男子生徒が言うと首を傾げる。確かに旗はあった。しかし、複数そこには鎮座しており、更には鏡張りのように複数の水鏡が浮かんでいた。


そこにギルフォード達も来る。


迷路を抜けた先には、小さく開けた空間があった。


風だけが静かに吹き抜けたその中央に――旗が並んでいた。


「これは…あの即興で旗を6本も作ったってのか…。」


「どれが本物だ…?」


ギルフォードが少し考えて言う。


「たぶん、ここに本物はない。
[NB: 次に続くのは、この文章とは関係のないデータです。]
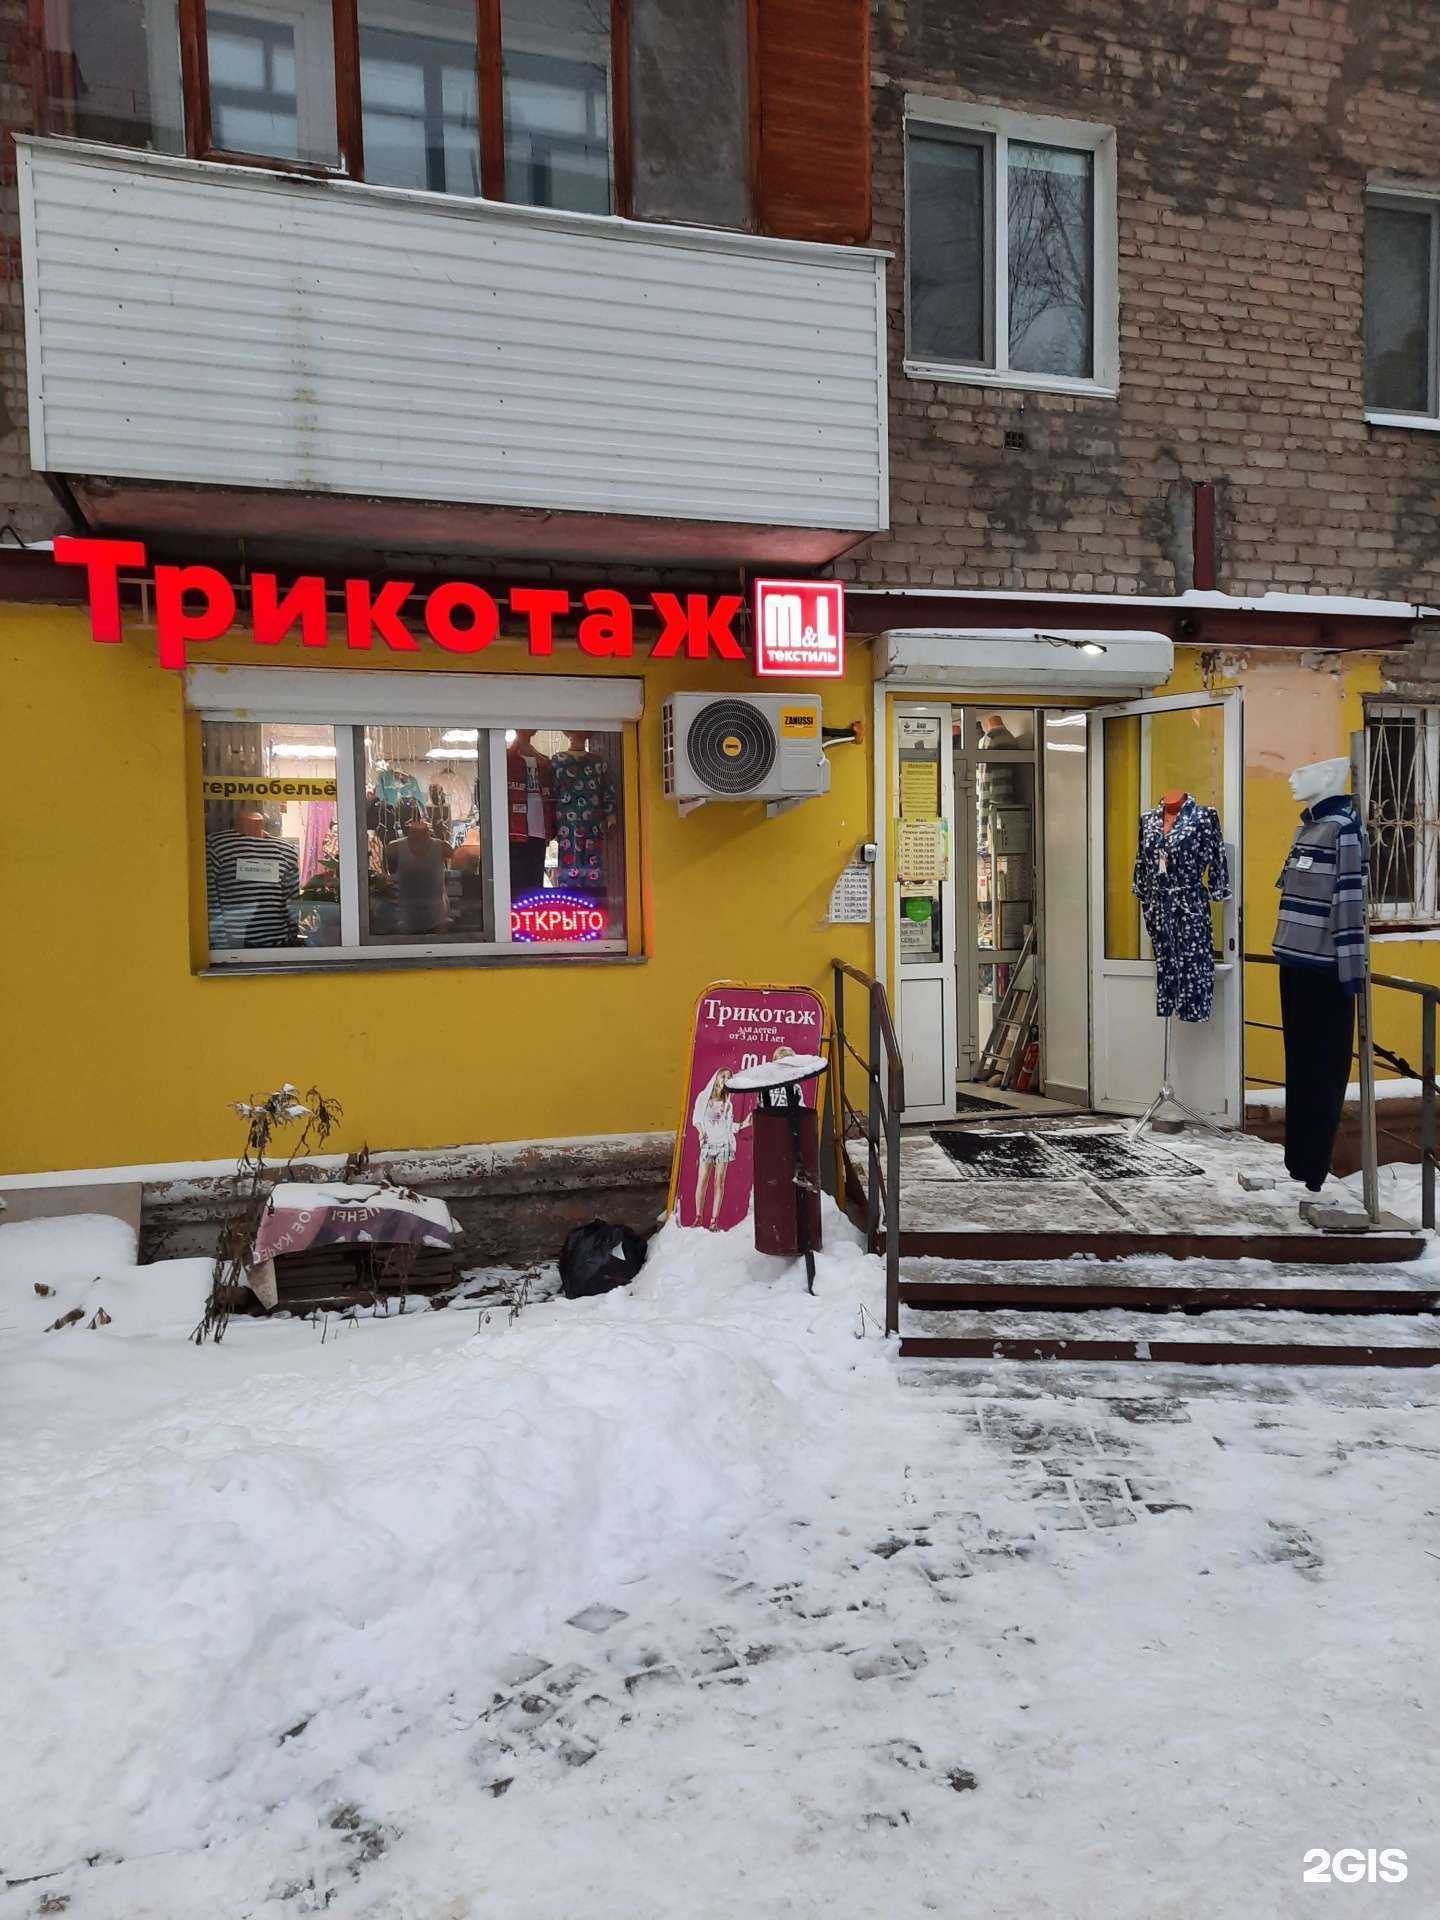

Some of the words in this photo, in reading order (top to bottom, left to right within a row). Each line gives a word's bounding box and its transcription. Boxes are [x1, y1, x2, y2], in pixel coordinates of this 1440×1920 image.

[53, 535, 746, 671] Трикотаж
[784, 716, 813, 726] ZANUSSI
[203, 779, 337, 798] термобельё
[509, 911, 603, 931] ОТКРЫТО
[704, 999, 816, 1027] Трикотаж
[738, 1026, 752, 1034] для
[753, 1026, 777, 1034] детей
[740, 1031, 746, 1040] 3
[747, 1034, 758, 1042] до
[760, 1033, 769, 1042] 11
手持ちに置いておくはずだ」


「…なら、水鏡を破壊しながら…?」


「それが懸命だろう。前から潰して候補を絞って行こう」


ギルフォードは壁ではなく足元を見た。罠はない。


次に視線を左へ流す。そこにも異常はない。


だからこそ、不気味だった。


「待て。」


ギルフォードが手を上げる。


「……これは時間稼ぎだ。」


全員が止まる。


「相手は旗を守れば勝ちだ。」


「つまりこちらが焦るほど向こうの勝率は上がる。」


「全員、一度戻れ。鏡は無視する。」


「鏡の配置だけ覚えろ。」


ギルフォードの指示の下、破壊をせずに周りを見て覚えながらそれぞれは歩いていく。


「残り3分」


イリスのアナウンスが無常にも流れる。


「…!いたぞ!」


見えたセリアに対してギルフォードが拘束魔法を詠唱する。


聖壁セイクリッドウォール!拘束させてもらう!」


「あっ…!?」


聖壁が形成されて動けなくなった瞬間、ミシッっとセリア?にヒビが入ると同時にギルフォードが叫ぶ。


「待て!それは本人じゃない!」


内側から光が漏れた瞬間、内側から氷と雷、そして聖壁で逃げ場が無くなった結果、乱反射した光が飛び交い視界を暗ませる。


「なっ?!罠!?」

「「目が…!」」


刹那、ルイネの攻撃が入る。


二連デュアル跳躍風エアジャンプ!・電光石火ボルトダッシュ!」


空中を瞬歩しながら奇襲を放った瞬間ルーテリアの声が響く。


氷床アイスフロア!」


床が氷張りになり、バランスが崩れ、倒れ込むとミィの声が入る。


「…二連デュアル虚弱ウィークネス泥濘マッドバインド


土壁から飛んできた泥が枷のようになり、闇魔法で筋力低下をさせられる。


エルマがそこに追撃する。


止血ストップブリーディング!」


ルイネが付けた傷からの血を凝固させ、更に細かな部分の阻害を入れる。


「…!?」


なすすべなく、逆にギルフォード達全員を生け捕りにする。


「っ…!動けない…!」


全員が地に伏してそれぞれ拘束されてる所をセリア達は少し離れた場所から見る。


「…セリアの考案。上手くはまった。」


「うわぁ…可愛い顔してえげつない事ほんま考えるわぁ…」


「私は目暗ましとか妨害とか、攪乱をって言っただけですよ…!?」


「まぁ、その結果、全員の分野が噛み合ったのも事実ですわ?」


藻掻くギルフォードチーム達は口も押えられ詠唱も出来ない状態。要するに、積みの状態で拘束されたまま、開始4分でイリスの声が響く。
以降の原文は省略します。